== MATERIAL PROVIDED ==
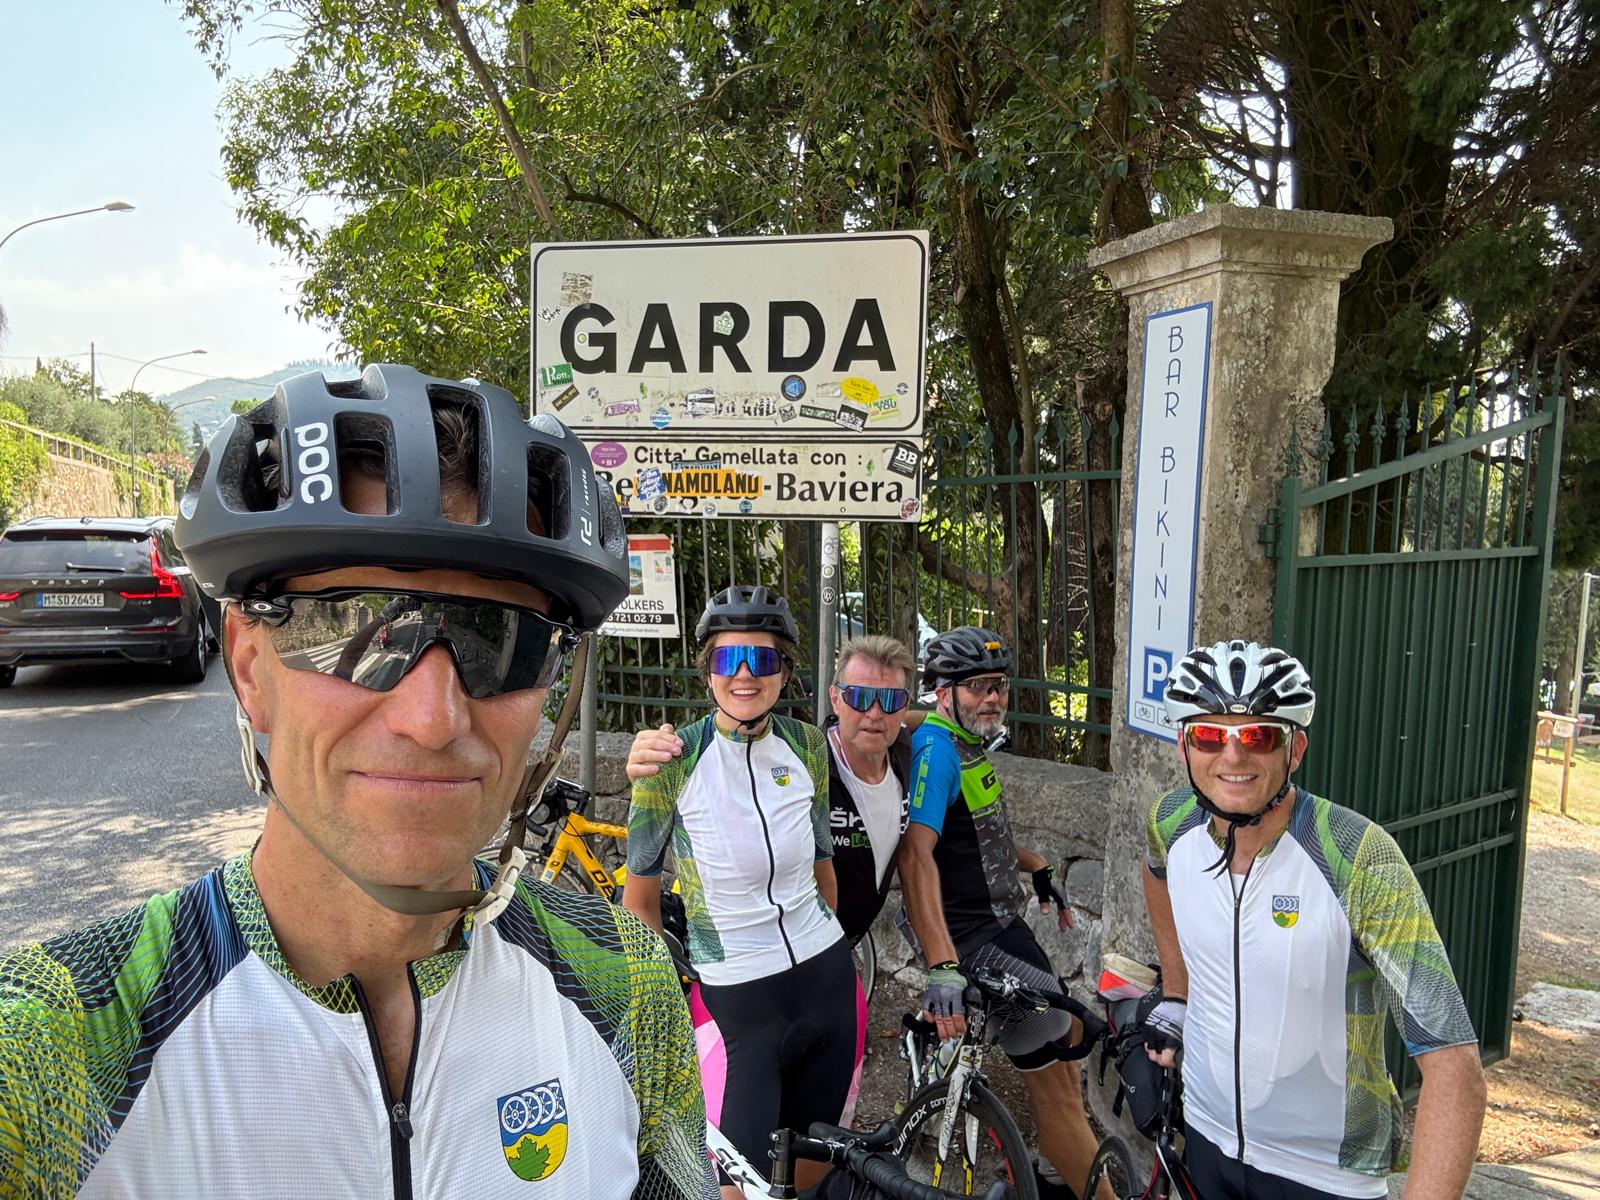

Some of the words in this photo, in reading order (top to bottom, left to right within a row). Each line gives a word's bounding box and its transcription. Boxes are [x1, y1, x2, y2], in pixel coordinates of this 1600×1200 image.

[560, 298, 897, 375] GARDA
[1164, 325, 1184, 418] BAR
[294, 422, 333, 505] POC
[695, 446, 799, 466] Gemellata
[810, 452, 847, 466] con
[895, 446, 918, 465] BB
[1155, 446, 1176, 631] BIKINI
[614, 613, 631, 622] 721
[633, 613, 647, 623] 02
[648, 614, 662, 623] 79
[1147, 654, 1168, 693] P
[831, 834, 850, 847] We
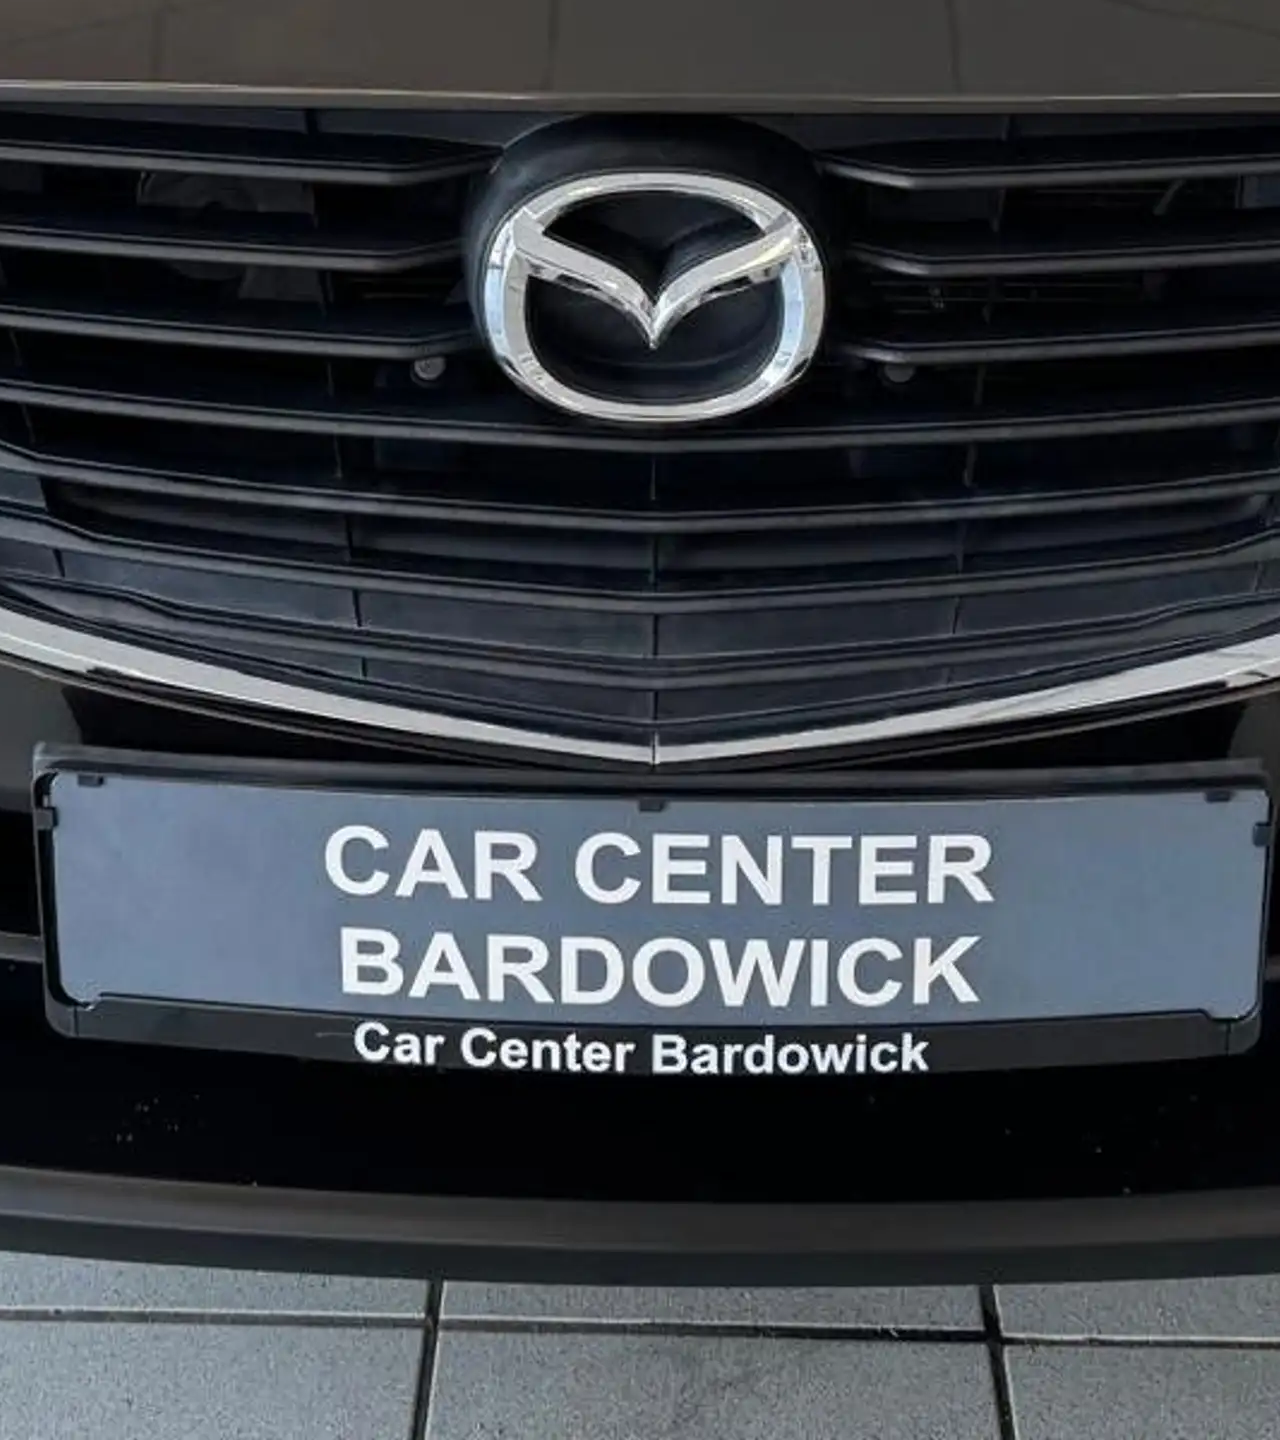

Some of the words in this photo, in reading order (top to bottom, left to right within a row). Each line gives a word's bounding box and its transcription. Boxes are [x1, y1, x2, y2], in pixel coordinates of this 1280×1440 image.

[324, 824, 543, 901] CAR
[574, 832, 994, 905] CENTER
[340, 926, 981, 1008] BARDOWICK
[353, 1020, 446, 1066] Car
[459, 1026, 636, 1073] Center
[651, 1032, 930, 1075] Bardowick
===
### WHAT IS REQUIRED
Every record above, copied exactly and without a single picture, makes up the answer.

### EXERCISE SOLUTION
Some of the words in this photo, in reading order (top to bottom, left to right within a row). Each line gives a word's bounding box and its transcription. Boxes are [x1, y1, x2, y2], in pixel coordinates of this 1600×1200 image.

[560, 298, 897, 375] GARDA
[1164, 325, 1184, 418] BAR
[294, 422, 333, 505] POC
[695, 446, 799, 466] Gemellata
[810, 452, 847, 466] con
[895, 446, 918, 465] BB
[1155, 446, 1176, 631] BIKINI
[614, 613, 631, 622] 721
[633, 613, 647, 623] 02
[648, 614, 662, 623] 79
[1147, 654, 1168, 693] P
[831, 834, 850, 847] We

Some of the words in this photo, in reading order (top to bottom, left to right within a row). Each line gives a word's bounding box and its transcription. Boxes are [x1, y1, x2, y2], in pixel coordinates of this 1280×1440 image.

[324, 824, 543, 901] CAR
[574, 832, 994, 905] CENTER
[340, 926, 981, 1008] BARDOWICK
[353, 1020, 446, 1066] Car
[459, 1026, 636, 1073] Center
[651, 1032, 930, 1075] Bardowick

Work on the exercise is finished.